What is being asked: Please give every entry again, exactly as it reads.

Data records:
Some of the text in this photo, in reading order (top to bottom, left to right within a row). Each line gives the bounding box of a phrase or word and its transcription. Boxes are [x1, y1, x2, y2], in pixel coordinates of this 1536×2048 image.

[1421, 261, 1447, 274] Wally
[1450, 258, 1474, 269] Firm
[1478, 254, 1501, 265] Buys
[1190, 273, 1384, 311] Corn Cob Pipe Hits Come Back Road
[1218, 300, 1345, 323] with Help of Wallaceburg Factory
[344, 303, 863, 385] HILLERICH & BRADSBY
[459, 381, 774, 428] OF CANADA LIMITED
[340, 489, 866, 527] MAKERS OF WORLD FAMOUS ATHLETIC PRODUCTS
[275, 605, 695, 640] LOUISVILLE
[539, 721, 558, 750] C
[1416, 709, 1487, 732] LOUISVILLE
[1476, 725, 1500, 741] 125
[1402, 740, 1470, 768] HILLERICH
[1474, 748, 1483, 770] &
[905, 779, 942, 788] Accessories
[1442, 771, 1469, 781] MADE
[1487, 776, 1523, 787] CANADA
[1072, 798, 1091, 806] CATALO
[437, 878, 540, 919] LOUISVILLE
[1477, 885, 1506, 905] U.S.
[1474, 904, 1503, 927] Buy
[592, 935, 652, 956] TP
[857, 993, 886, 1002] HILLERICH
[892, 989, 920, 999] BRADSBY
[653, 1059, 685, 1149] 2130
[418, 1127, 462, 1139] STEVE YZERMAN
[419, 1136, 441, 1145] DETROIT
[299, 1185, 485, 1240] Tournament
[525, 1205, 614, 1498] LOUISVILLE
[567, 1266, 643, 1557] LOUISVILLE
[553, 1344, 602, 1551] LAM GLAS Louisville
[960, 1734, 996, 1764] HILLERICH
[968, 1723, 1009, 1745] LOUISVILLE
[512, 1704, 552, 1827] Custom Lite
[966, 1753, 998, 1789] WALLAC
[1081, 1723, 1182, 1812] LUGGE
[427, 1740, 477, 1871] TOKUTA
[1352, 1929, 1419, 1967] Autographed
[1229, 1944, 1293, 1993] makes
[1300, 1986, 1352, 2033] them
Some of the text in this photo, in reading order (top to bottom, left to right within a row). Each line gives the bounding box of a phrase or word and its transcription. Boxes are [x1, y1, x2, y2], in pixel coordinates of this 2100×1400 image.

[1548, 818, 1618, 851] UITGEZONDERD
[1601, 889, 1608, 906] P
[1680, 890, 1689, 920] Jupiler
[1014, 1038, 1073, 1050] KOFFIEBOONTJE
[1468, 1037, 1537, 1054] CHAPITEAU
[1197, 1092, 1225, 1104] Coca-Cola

Answer to this problem:
Some of the text in this photo, in reading order (top to bottom, left to right within a row). Each line gives the bounding box of a phrase or word and its transcription. Boxes are [x1, y1, x2, y2], in pixel coordinates of this 1536×2048 image.

[1421, 261, 1447, 274] Wally
[1450, 258, 1474, 269] Firm
[1478, 254, 1501, 265] Buys
[1190, 273, 1384, 311] Corn Cob Pipe Hits Come Back Road
[1218, 300, 1345, 323] with Help of Wallaceburg Factory
[344, 303, 863, 385] HILLERICH & BRADSBY
[459, 381, 774, 428] OF CANADA LIMITED
[340, 489, 866, 527] MAKERS OF WORLD FAMOUS ATHLETIC PRODUCTS
[275, 605, 695, 640] LOUISVILLE
[539, 721, 558, 750] C
[1416, 709, 1487, 732] LOUISVILLE
[1476, 725, 1500, 741] 125
[1402, 740, 1470, 768] HILLERICH
[1474, 748, 1483, 770] &
[905, 779, 942, 788] Accessories
[1442, 771, 1469, 781] MADE
[1487, 776, 1523, 787] CANADA
[1072, 798, 1091, 806] CATALO
[437, 878, 540, 919] LOUISVILLE
[1477, 885, 1506, 905] U.S.
[1474, 904, 1503, 927] Buy
[592, 935, 652, 956] TP
[857, 993, 886, 1002] HILLERICH
[892, 989, 920, 999] BRADSBY
[653, 1059, 685, 1149] 2130
[418, 1127, 462, 1139] STEVE YZERMAN
[419, 1136, 441, 1145] DETROIT
[299, 1185, 485, 1240] Tournament
[525, 1205, 614, 1498] LOUISVILLE
[567, 1266, 643, 1557] LOUISVILLE
[553, 1344, 602, 1551] LAM GLAS Louisville
[960, 1734, 996, 1764] HILLERICH
[968, 1723, 1009, 1745] LOUISVILLE
[512, 1704, 552, 1827] Custom Lite
[966, 1753, 998, 1789] WALLAC
[1081, 1723, 1182, 1812] LUGGE
[427, 1740, 477, 1871] TOKUTA
[1352, 1929, 1419, 1967] Autographed
[1229, 1944, 1293, 1993] makes
[1300, 1986, 1352, 2033] them
Some of the text in this photo, in reading order (top to bottom, left to right within a row). Each line gives the bounding box of a phrase or word and its transcription. Boxes are [x1, y1, x2, y2], in pixel coordinates of this 2100×1400 image.

[1548, 818, 1618, 851] UITGEZONDERD
[1601, 889, 1608, 906] P
[1680, 890, 1689, 920] Jupiler
[1014, 1038, 1073, 1050] KOFFIEBOONTJE
[1468, 1037, 1537, 1054] CHAPITEAU
[1197, 1092, 1225, 1104] Coca-Cola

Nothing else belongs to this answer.